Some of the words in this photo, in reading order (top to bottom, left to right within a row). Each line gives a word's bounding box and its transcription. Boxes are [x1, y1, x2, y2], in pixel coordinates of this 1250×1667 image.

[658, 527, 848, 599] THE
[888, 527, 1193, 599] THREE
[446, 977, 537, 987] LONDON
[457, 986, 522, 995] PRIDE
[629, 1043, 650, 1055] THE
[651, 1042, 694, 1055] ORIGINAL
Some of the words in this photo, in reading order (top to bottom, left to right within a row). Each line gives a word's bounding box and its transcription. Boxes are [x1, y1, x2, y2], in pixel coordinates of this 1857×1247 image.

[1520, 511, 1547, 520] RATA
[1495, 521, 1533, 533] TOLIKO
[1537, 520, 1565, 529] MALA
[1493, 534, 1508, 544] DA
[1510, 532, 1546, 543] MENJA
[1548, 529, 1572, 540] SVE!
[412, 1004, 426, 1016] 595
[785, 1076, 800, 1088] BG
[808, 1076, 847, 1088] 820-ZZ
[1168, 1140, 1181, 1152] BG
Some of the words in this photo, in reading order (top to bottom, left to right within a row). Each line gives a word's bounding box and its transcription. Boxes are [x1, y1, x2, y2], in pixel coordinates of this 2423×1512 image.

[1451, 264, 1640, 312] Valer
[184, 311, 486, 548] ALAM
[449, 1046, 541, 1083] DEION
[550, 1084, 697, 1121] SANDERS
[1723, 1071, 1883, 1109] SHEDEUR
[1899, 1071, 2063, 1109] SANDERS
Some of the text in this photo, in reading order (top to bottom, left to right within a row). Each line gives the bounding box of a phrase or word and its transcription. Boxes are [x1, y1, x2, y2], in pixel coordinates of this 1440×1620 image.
-------
__Task details__.
Could you transcribe every entry exactly, without altering anything?

__Task output__.
Some of the words in this photo, in reading order (top to bottom, left to right within a row). Each line gives a word's bounding box and its transcription. Boxes are [x1, y1, x2, y2], in pixel coordinates of this 1250×1667 image.

[658, 527, 848, 599] THE
[888, 527, 1193, 599] THREE
[446, 977, 537, 987] LONDON
[457, 986, 522, 995] PRIDE
[629, 1043, 650, 1055] THE
[651, 1042, 694, 1055] ORIGINAL
Some of the words in this photo, in reading order (top to bottom, left to right within a row). Each line gives a word's bounding box and its transcription. Boxes are [x1, y1, x2, y2], in pixel coordinates of this 1857×1247 image.

[1520, 511, 1547, 520] RATA
[1495, 521, 1533, 533] TOLIKO
[1537, 520, 1565, 529] MALA
[1493, 534, 1508, 544] DA
[1510, 532, 1546, 543] MENJA
[1548, 529, 1572, 540] SVE!
[412, 1004, 426, 1016] 595
[785, 1076, 800, 1088] BG
[808, 1076, 847, 1088] 820-ZZ
[1168, 1140, 1181, 1152] BG
Some of the words in this photo, in reading order (top to bottom, left to right within a row). Each line gives a word's bounding box and its transcription. Boxes are [x1, y1, x2, y2], in pixel coordinates of this 2423×1512 image.

[1451, 264, 1640, 312] Valer
[184, 311, 486, 548] ALAM
[449, 1046, 541, 1083] DEION
[550, 1084, 697, 1121] SANDERS
[1723, 1071, 1883, 1109] SHEDEUR
[1899, 1071, 2063, 1109] SANDERS
Some of the text in this photo, in reading order (top to bottom, left to right within a row). Each line gives the bounding box of a phrase or word and its transcription. Boxes are [x1, y1, x2, y2], in pixel coordinates of this 1440×1620 image.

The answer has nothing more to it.